In pairwise comparisons between CMLV-SA1162-21 and the PWD-associated strain, the putative amino acid sequence identities of the four ORFs were 88, 83, 93 and 82 %, respectively, suggesting that the virus sequences represent the same virus species [1]. Hence, the virus from the PWD symptomatic tree is a strain of CMLV. However, ORF3, the putative coat protein coding region of cherry isolate of CMLV-SA1162-21, is 193 aa long [6], whereas ORF3 of the peach isolate CMLV-95CI215 is 260 aa long. To facilitate comparison of the amino acid sequences above, only 193 aa at the C-terminus of the CMLV-95CI215 coat protein sequence were used. Sequences of CMLV isolates SA1162-21 and 95CI215 possess upstream potential start codons at positions 6540 and 6539, respectively. However, the sequence of the cherry isolate is followed by two in-frame stop codons (Fig. S3) that are absent from the peach isolate. Moreover, the upstream start codon at position 6,539 of the peach isolate is in the context of Kozak consensus sequence requirements (A at position −3 and G at +4) for translation initiation [2, 8], which are not satisfied by the corresponding upstream start codon in the cherry isolate sequence or by the downstream start codons of either isolate. The configuration of ORF3 of the cherry isolate was confirmed by sequencing the corresponding region of CMLV cherry strain 8464-2/4 (GenBank KC241881) (Fig. S3). Thus, this sequence variation may represent host-specific adaptation of the virus genome.

The 5′UTR of CMLV-95CI215 shows highest similarity to that of peach mosaic virus (PcMoV) (83 %) rather than CMLV-SA1162-21 (80 %).
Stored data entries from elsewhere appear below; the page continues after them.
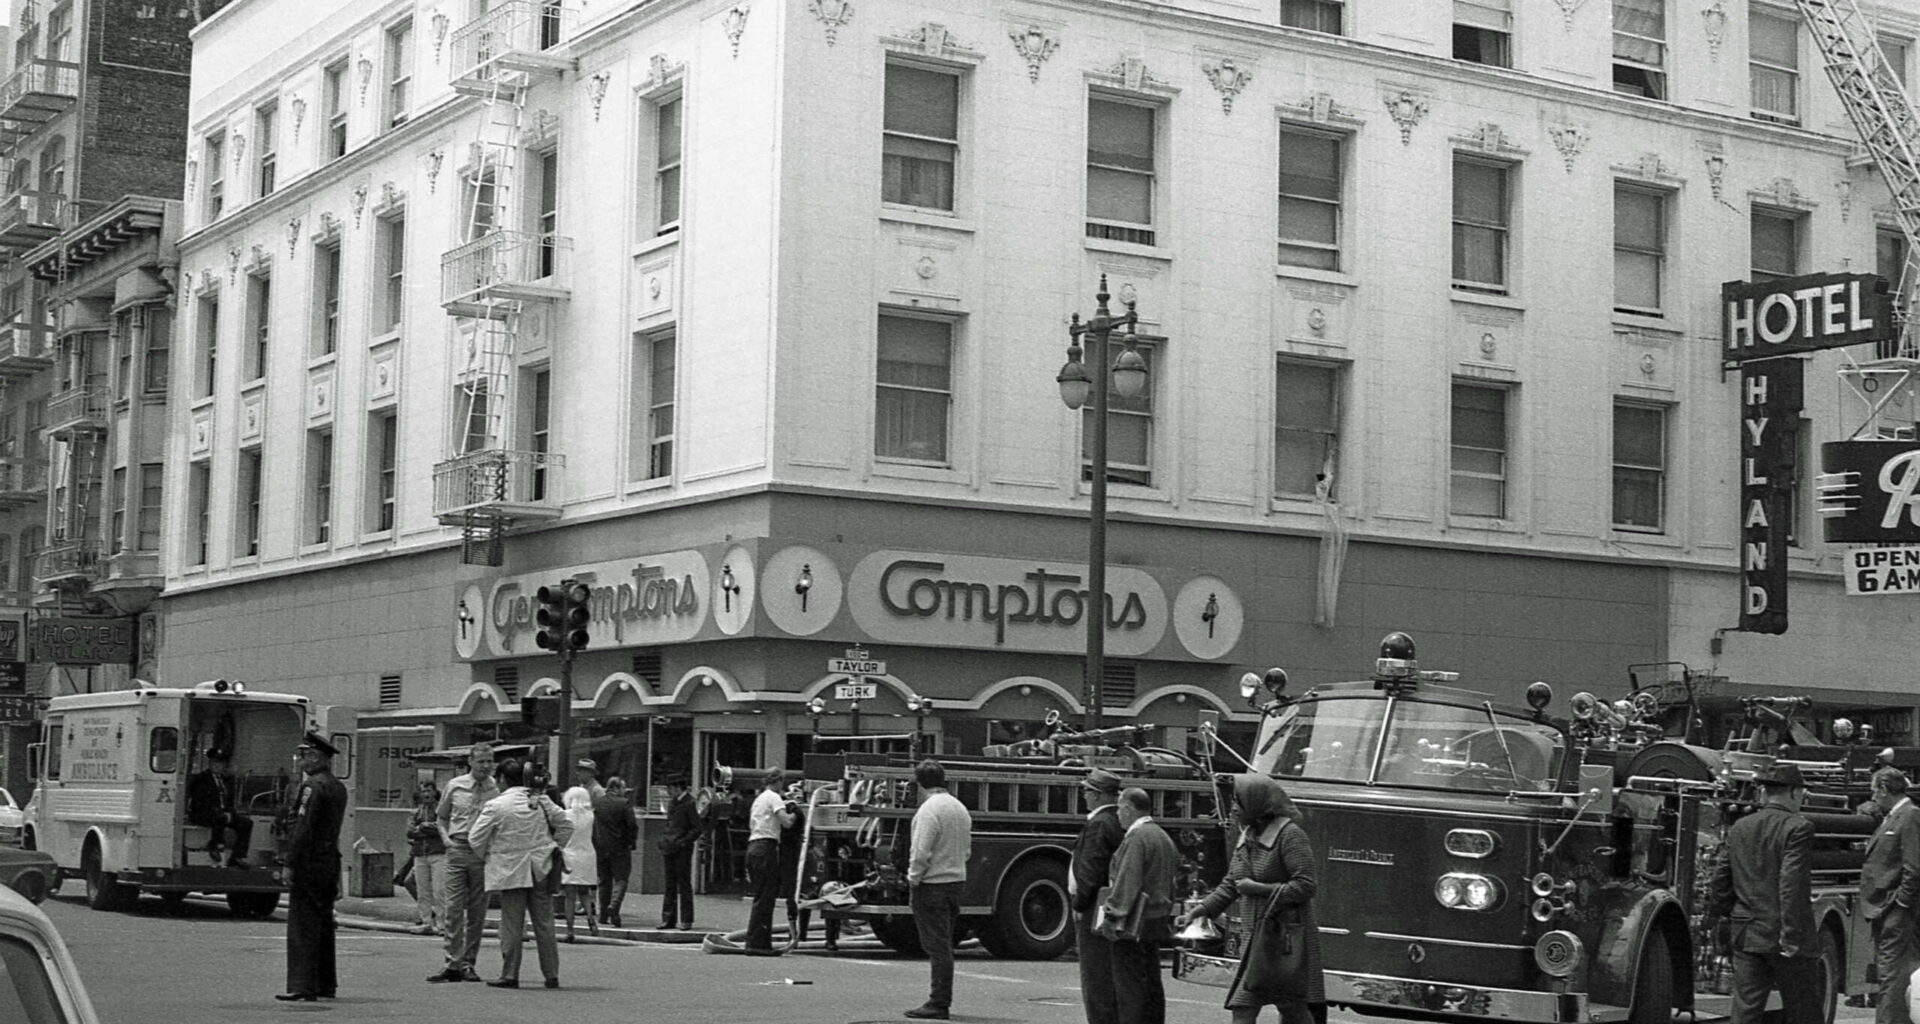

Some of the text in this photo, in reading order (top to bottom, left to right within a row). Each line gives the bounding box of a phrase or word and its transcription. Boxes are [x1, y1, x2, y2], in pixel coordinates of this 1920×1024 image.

[1728, 280, 1873, 350] HOTEL
[1745, 375, 1768, 616] HYLAND
[1855, 551, 1920, 568] OPEN
[43, 626, 127, 645] HOTEL
[836, 661, 879, 673] TAYLOR
[840, 687, 870, 698] TURK
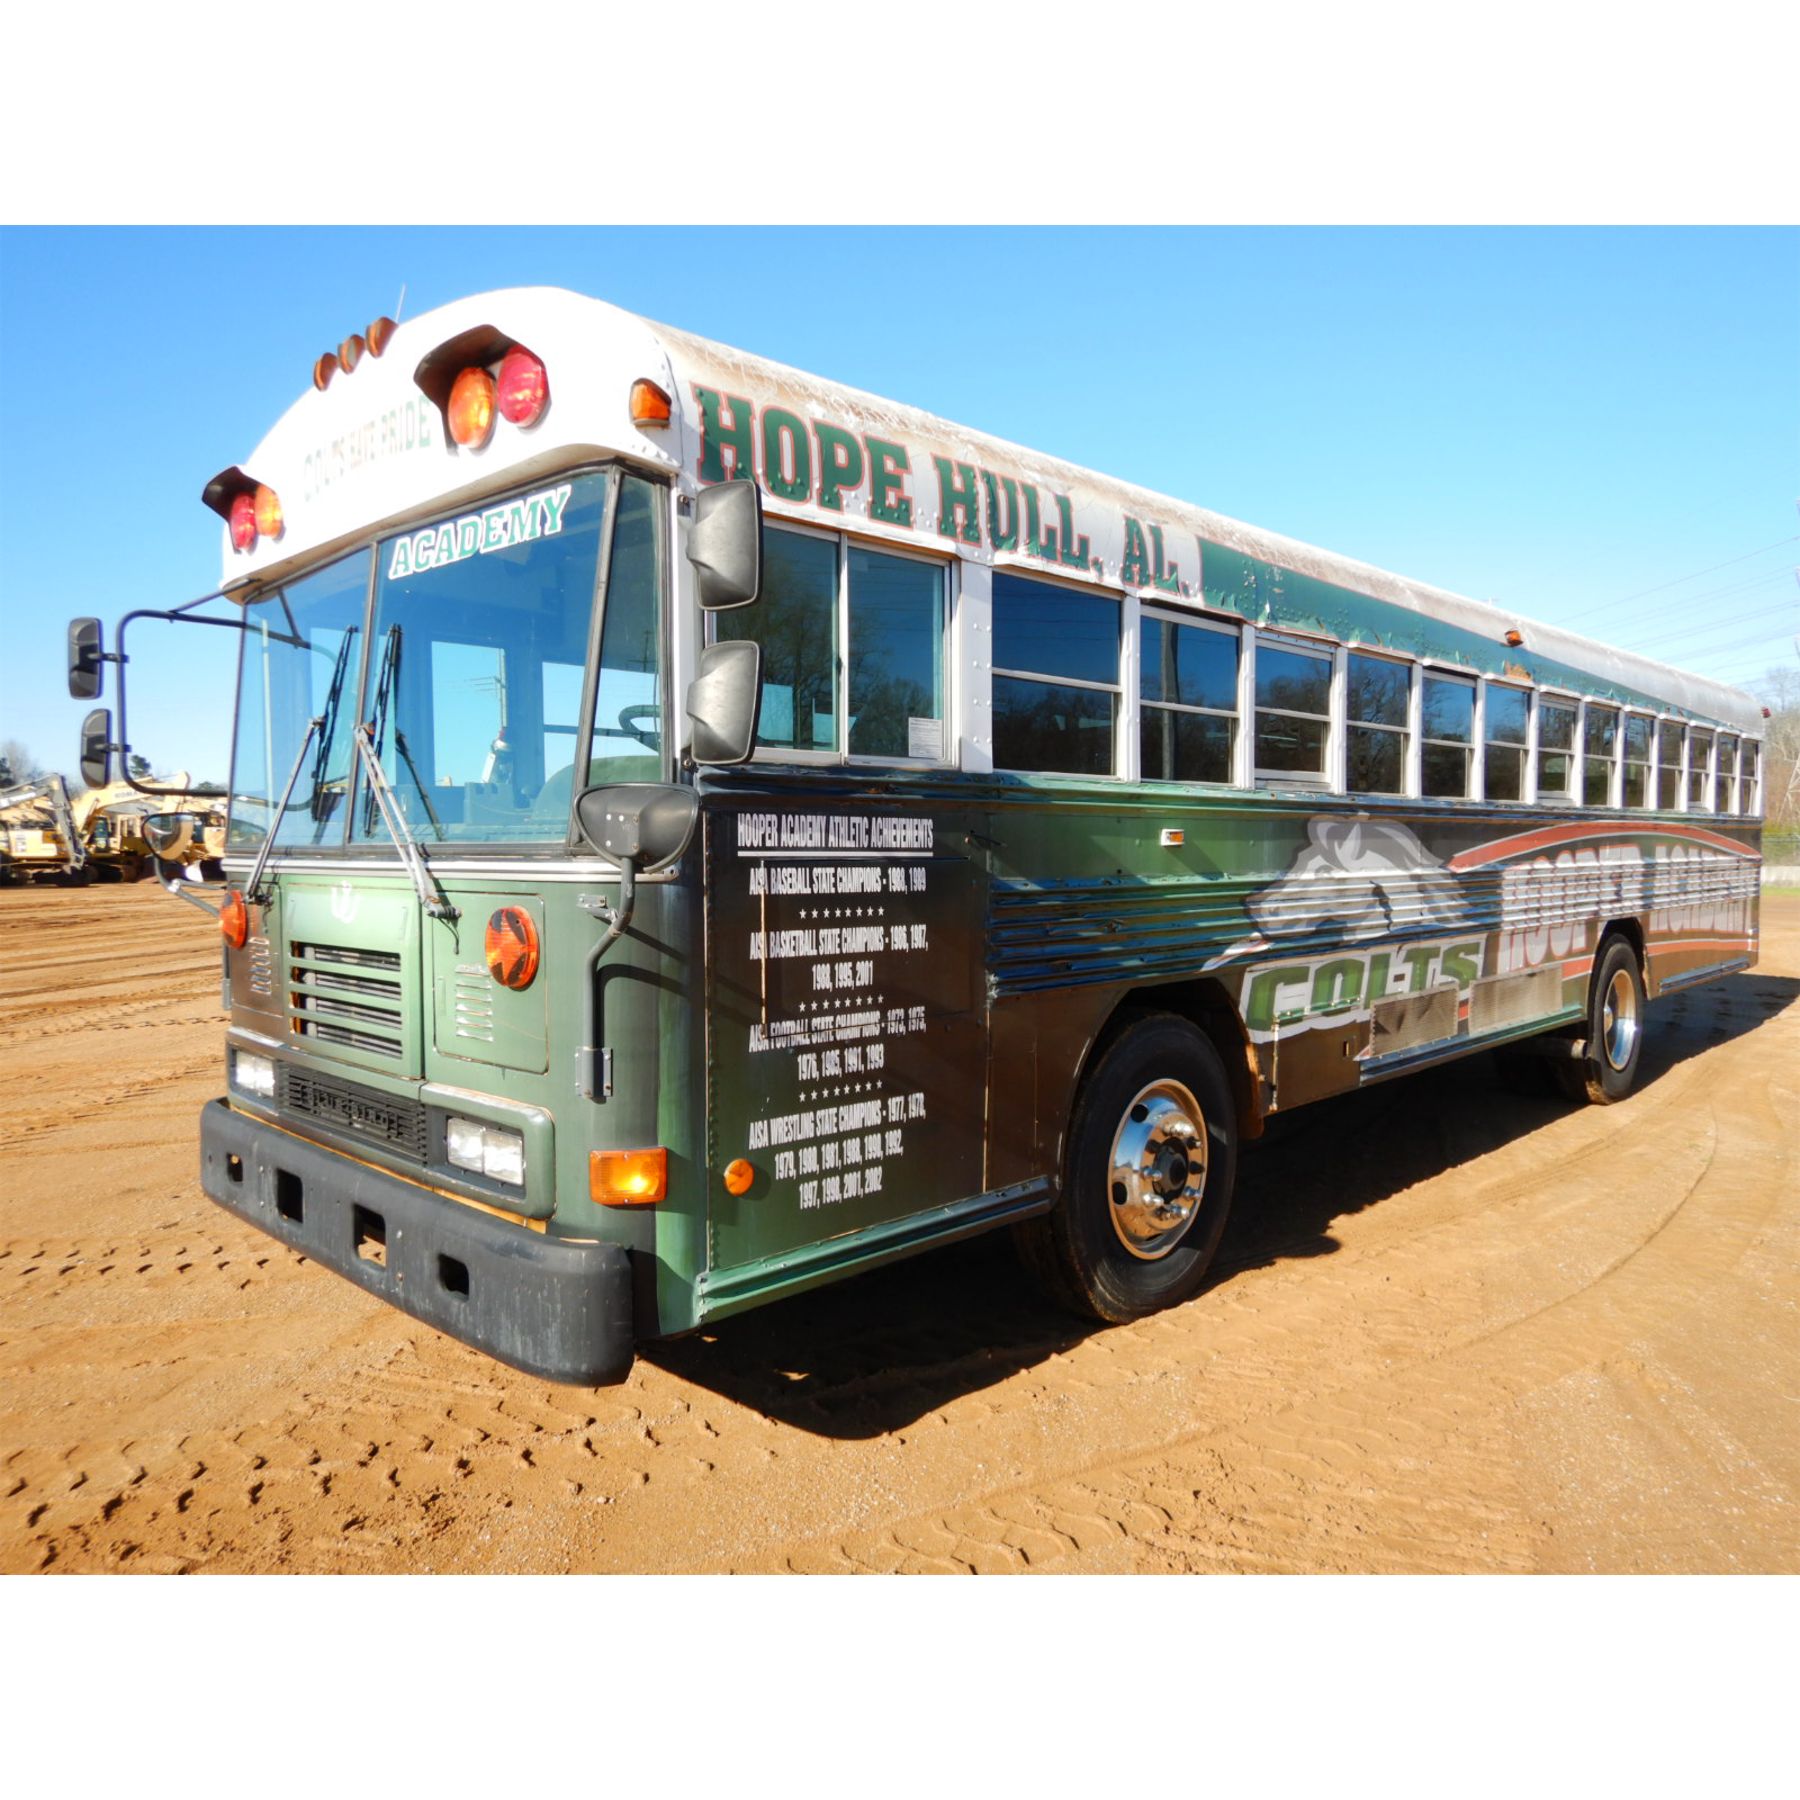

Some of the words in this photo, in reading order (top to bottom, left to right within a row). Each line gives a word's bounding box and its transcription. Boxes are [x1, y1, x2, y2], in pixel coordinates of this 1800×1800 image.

CMLV is taxonomically and serologically related to PcMoV [7]. In contrast, the intergenic region between ORFs 3 and 4 is more closely related to that of CMLV-SA1162-21 (77 % identity) than to that of PcMoV (48 % identity). The 3′UTR of CMLV-95CI215 is 98 % identical to that of CMLV-SA1162-21, suggesting that conservation may be critical for virus replication [6].

The association of CMLV-95CI215 with PWD and the absence of additional virus signature sequences suggest that CMLV-95CI215 is the causal agent of PWD. The current study lays the groundwork for developing full-length infectious clones of the peach isolate to verify the role of CMLV-95CI215 in PWD of peach and to investigate the role ORF3 as a host range determinant.